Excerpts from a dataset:
★ ★ ★

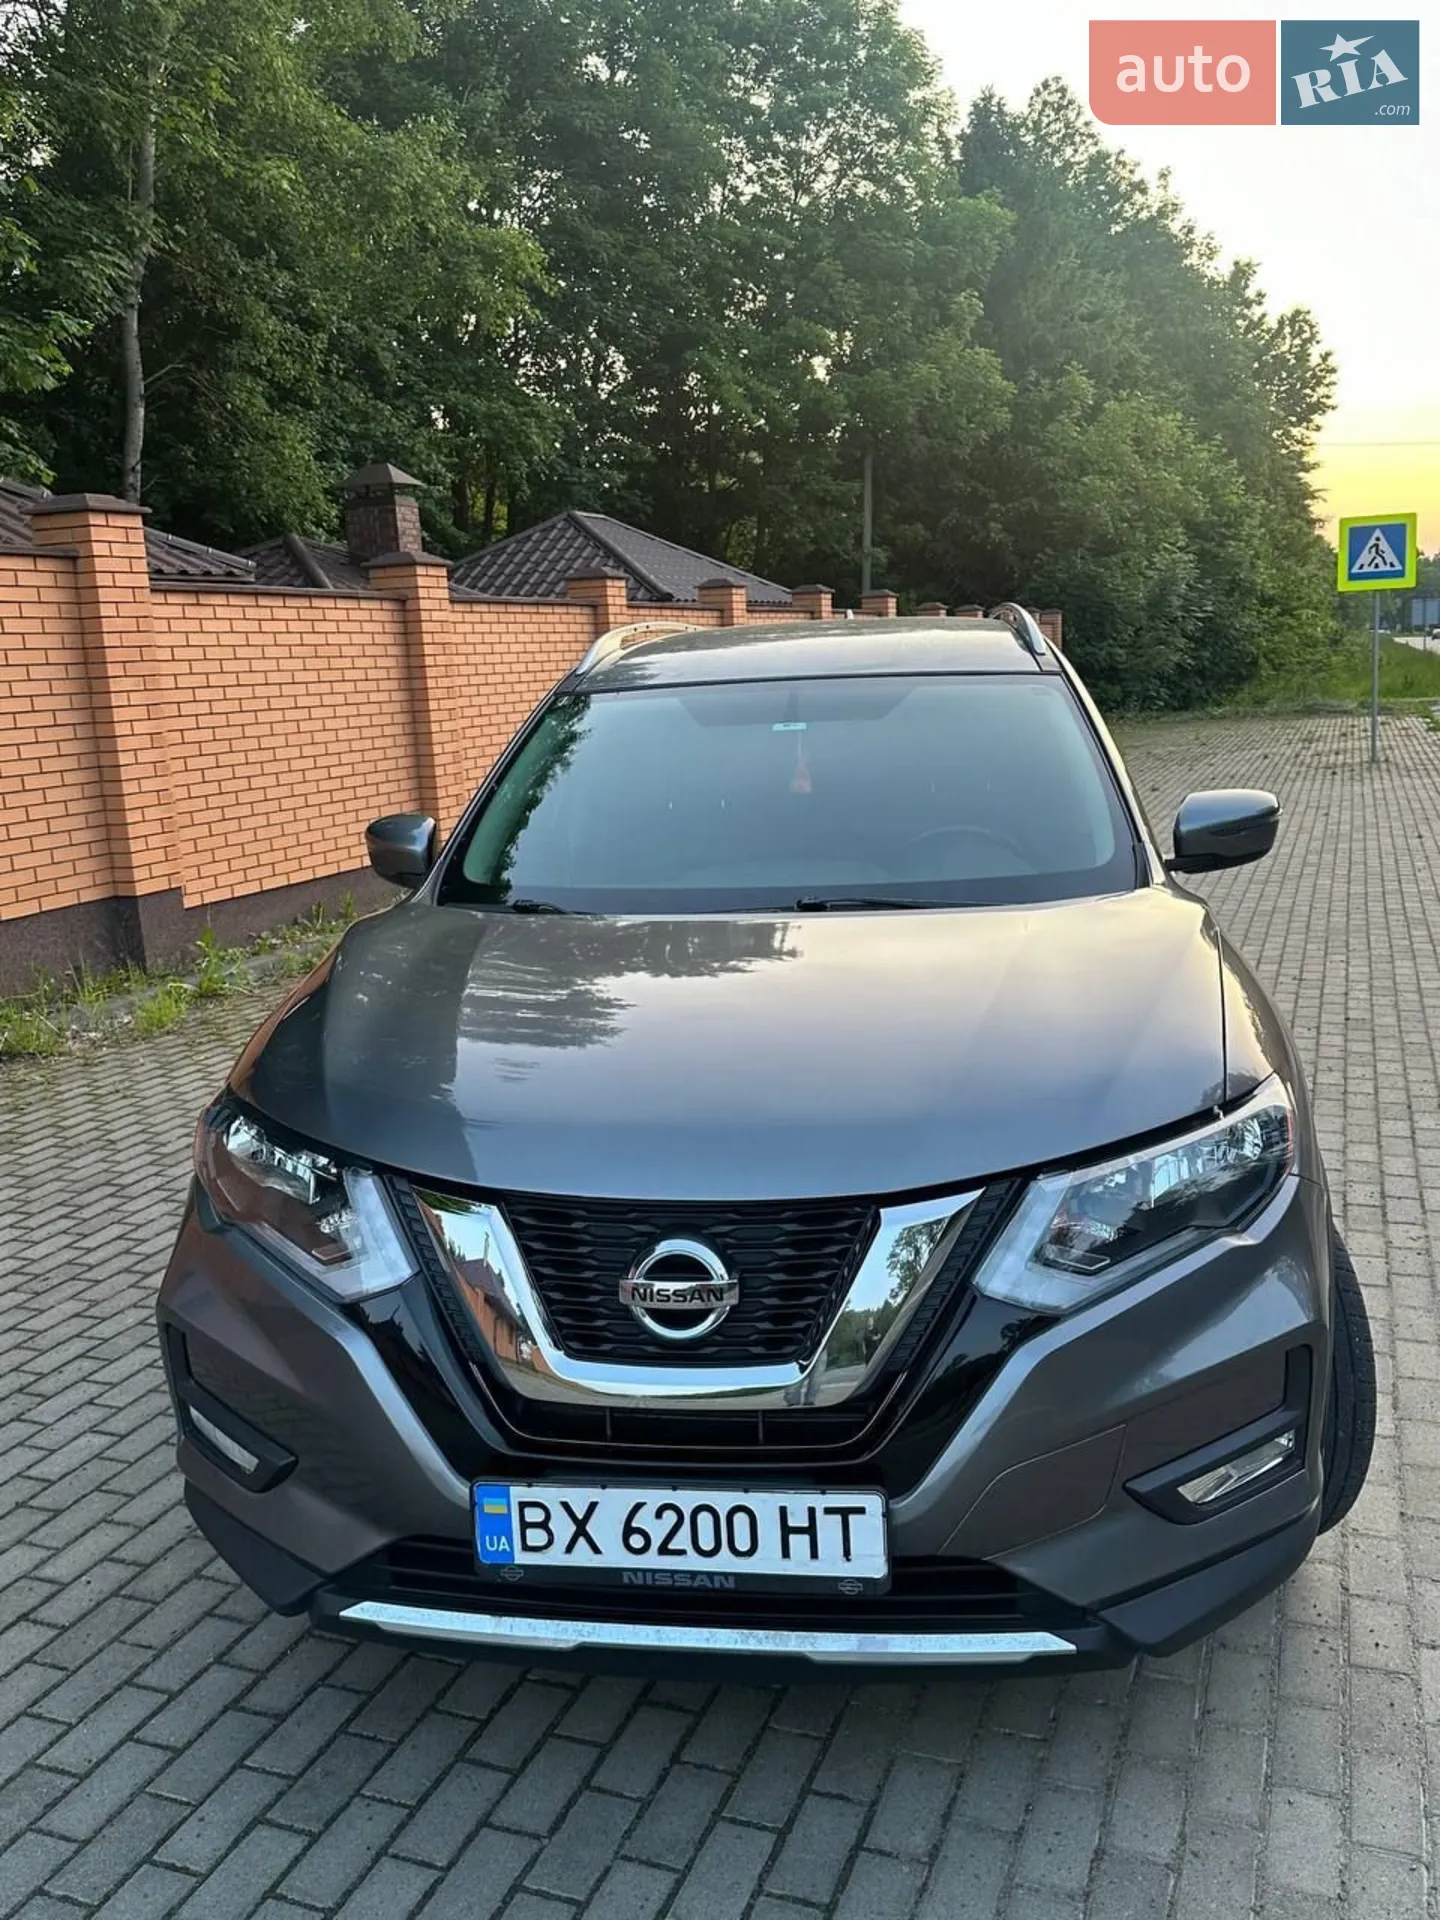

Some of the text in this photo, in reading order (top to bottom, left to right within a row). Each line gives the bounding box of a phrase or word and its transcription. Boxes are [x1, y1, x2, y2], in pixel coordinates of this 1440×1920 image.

[631, 1287, 724, 1303] NISSAN
[517, 1500, 867, 1562] BX 6200 HT
[486, 1535, 511, 1553] UA
[622, 1571, 735, 1588] NISSAN
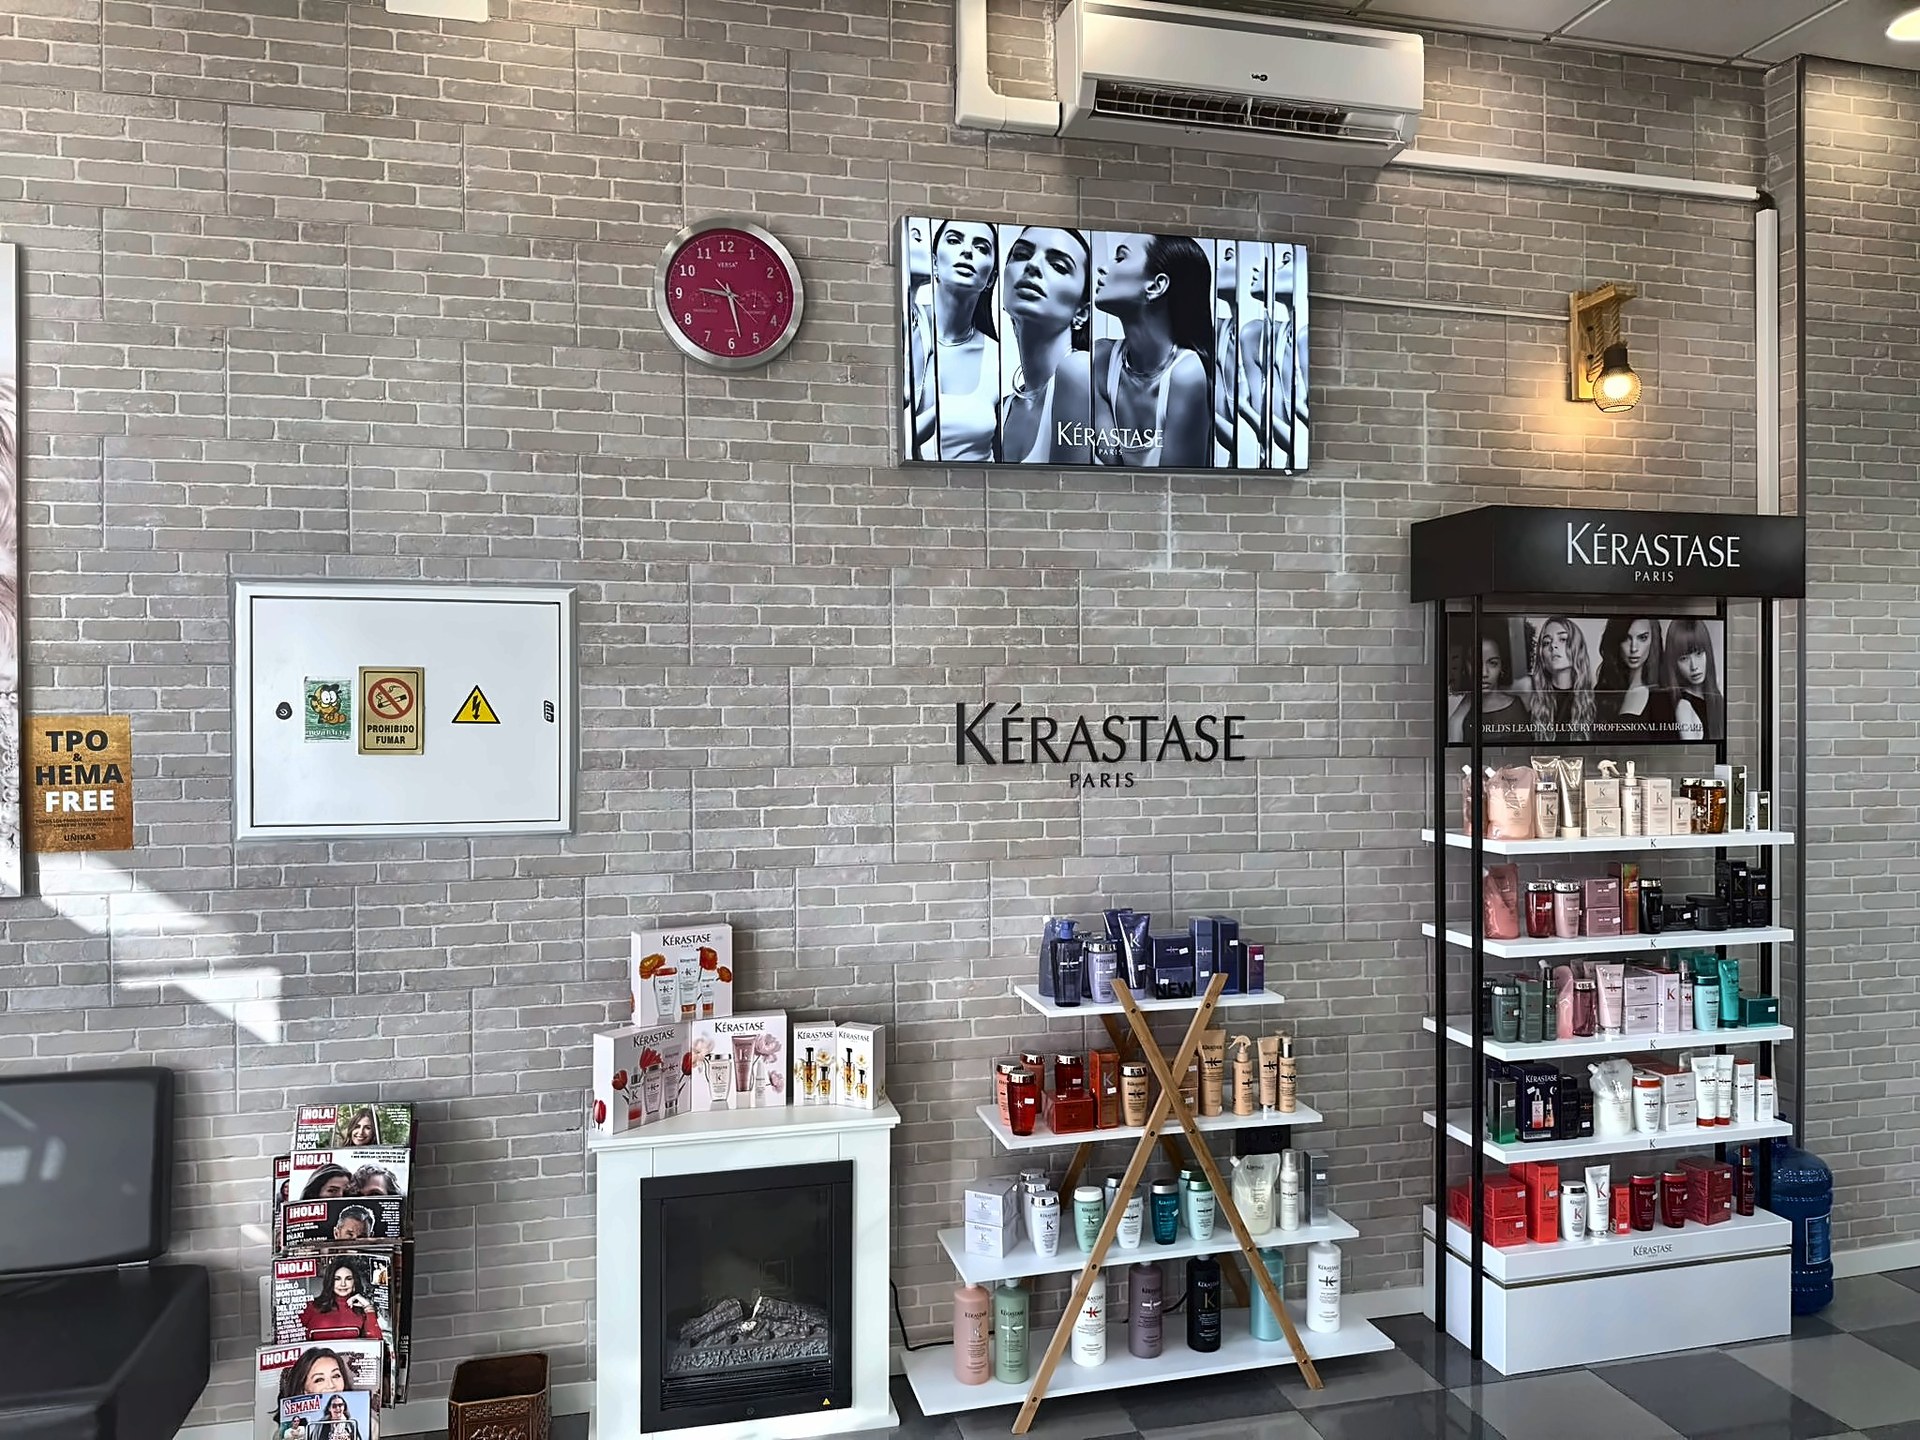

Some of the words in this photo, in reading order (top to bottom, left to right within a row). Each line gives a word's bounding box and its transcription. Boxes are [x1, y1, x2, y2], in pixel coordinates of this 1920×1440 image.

★ ★ ★

Problem to solve:
Omit the pictures and write out the remaining data exactly.

Response to the exercise:
Some of the text in this photo, in reading order (top to bottom, left to right within a row). Each line gives the bounding box of a phrase or word and its transcription. Boxes are [x1, y1, x2, y2], in pixel coordinates of this 1440×1920 image.

[631, 1287, 724, 1303] NISSAN
[517, 1500, 867, 1562] BX 6200 HT
[486, 1535, 511, 1553] UA
[622, 1571, 735, 1588] NISSAN

Some of the words in this photo, in reading order (top to bottom, left to right within a row). Each line gives a word's bounding box and its transcription. Boxes are [x1, y1, x2, y2], in pixel coordinates of this 1920×1440 image.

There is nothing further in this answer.